I barely remember the journey but what I do remember is feeling really disorientated, I knew which way was up but I felt like everything was somehow shifted around, like the world had a different orientation.
I remember being outside the hospital breifly before I was taken to a bed. I don't remember anything about getting from the door to the bed.
I remember fidgeting and pulling at my hair, later I noticed I'd pulled quite a bit of it out. Again I couldn't sit still long enough for them to take readings on the ECG. I remember more of how I felt from around this time.
The best explanation I can give is that it was like tripping on mushrooms but not quite. I also had moments of strange clarity like I was a coma patient awake but unable to comunicate.
I was still paniced although slightly less now, but I was really disasociated with what was going on.
The veiw from my bed appeared like a TV screen with some ER drama unfloding on it. Scarey at times and even amusing at others.
I kept slipping in and out of being able to respond and understand what was happening even though I was really trying to.
I had pretty much zero concept of time.
I remember convulsing a bit and feeling like I could be sick or even that I should make myself sick.
I think I must have realised that I wasn't having a heart attack and started to calm down a little, enough for them to ask questions.
I told them about the space chocolate and pretty much from then on they told me I was 'having a bad trip on weed'.
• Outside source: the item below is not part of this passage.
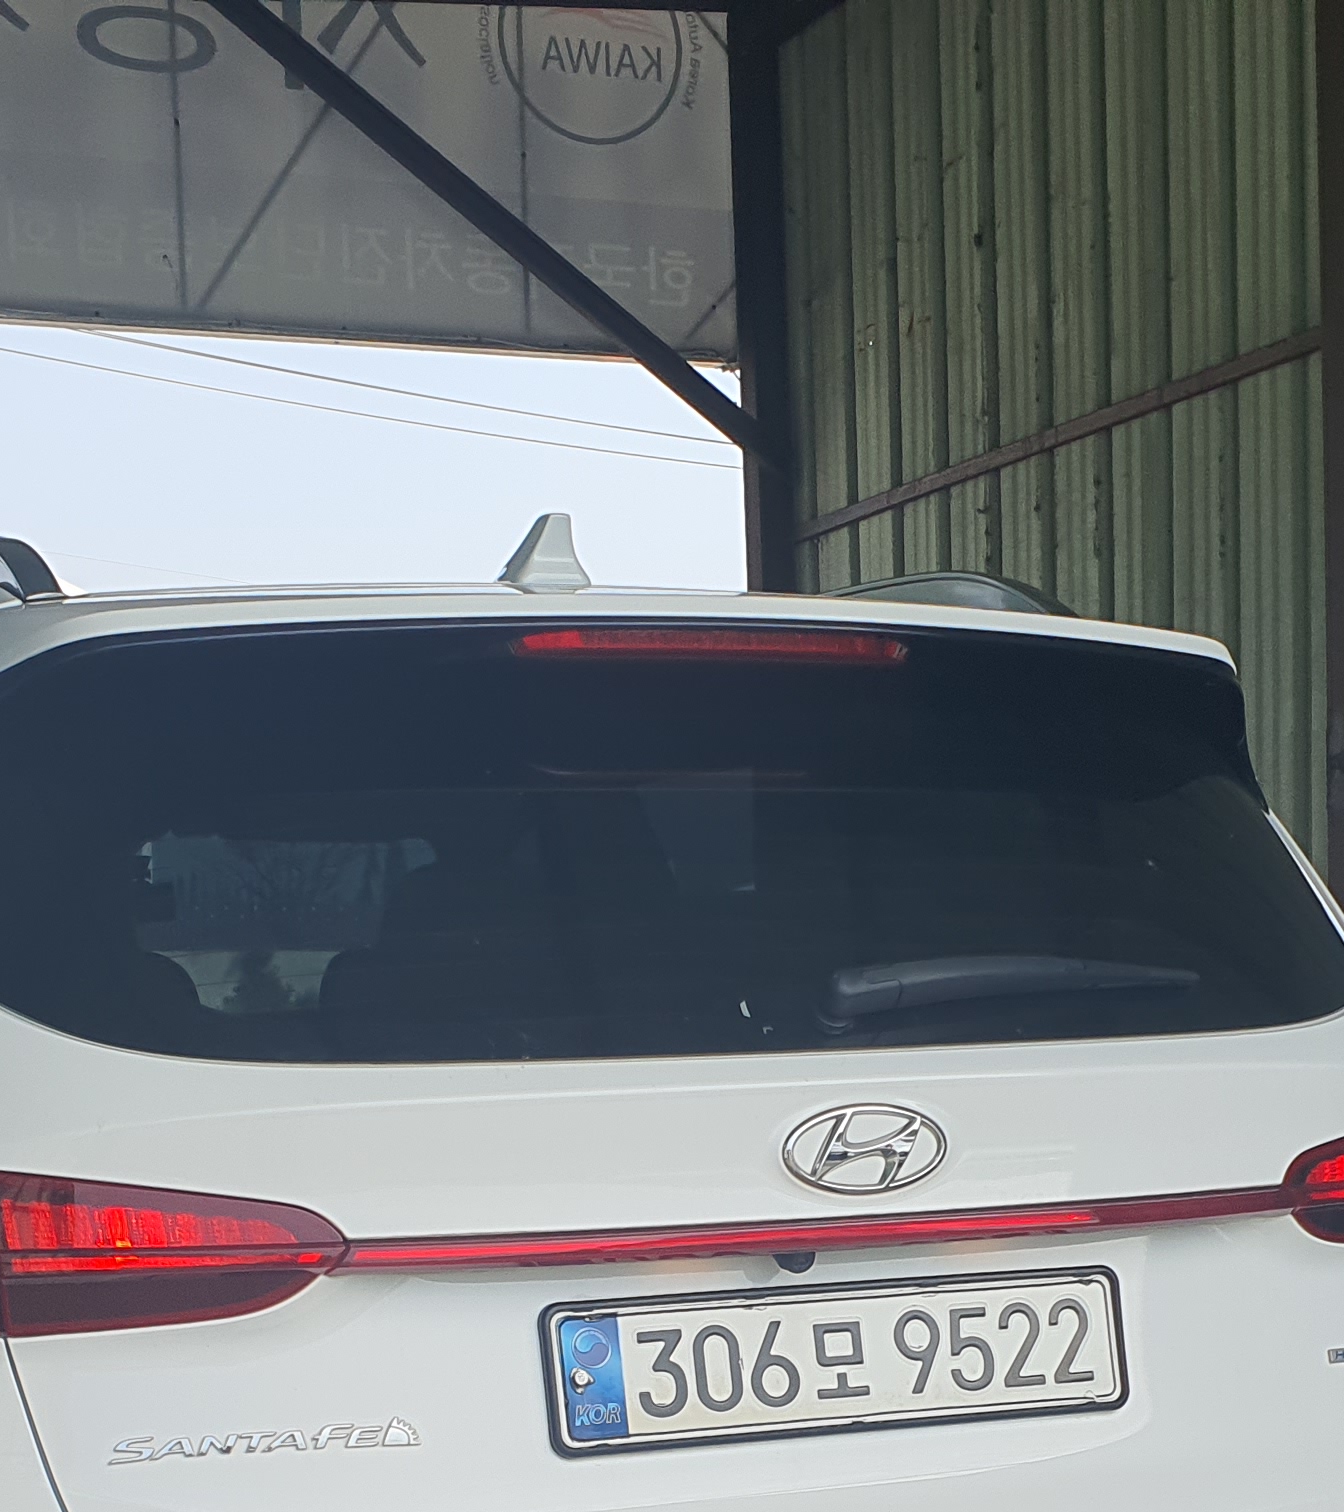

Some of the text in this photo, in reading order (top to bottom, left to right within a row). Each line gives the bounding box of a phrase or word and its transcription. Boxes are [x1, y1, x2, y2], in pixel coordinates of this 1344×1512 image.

Even at that point I was able to understand that was bullshit.
One minute I seemed to be ok, or at least aware then the next I dind't understand what was going on.
I remember at one point laughing hysterically at 2 junior doctors becasue they looked like guys from a TV show.
2 minutes later everything was completely different again... Floaty and surreal.
It basically wnet on like this for about 6-8 hours. My concept of time is still a little fucked up right now but from what my neighbour tells me that's about right.
Eventually I was calm enough for the ECG and discharged about an hour afterward.
I remember very little of the walk home with my neighbour and must have fallen asleep as soon as I hit the sofa.
Has anyone experienced serotonin syndrome before? does this sound like that?
Please let me know.
I was still quite panicy earlier and still feel like I'm in a bit of a dream state or something.
Chest still feel not great but heartbeat has been normal. Still feel hot but not dangerously so.
Basically feel like I've been on a week long drug and booze binge or something right now haha, it's that same kind of feeling of missed moments and not being completely there.
Sorry for spelling, no spell check on here and I'm really straining with the effort of just typing this once so proofing it is out the window.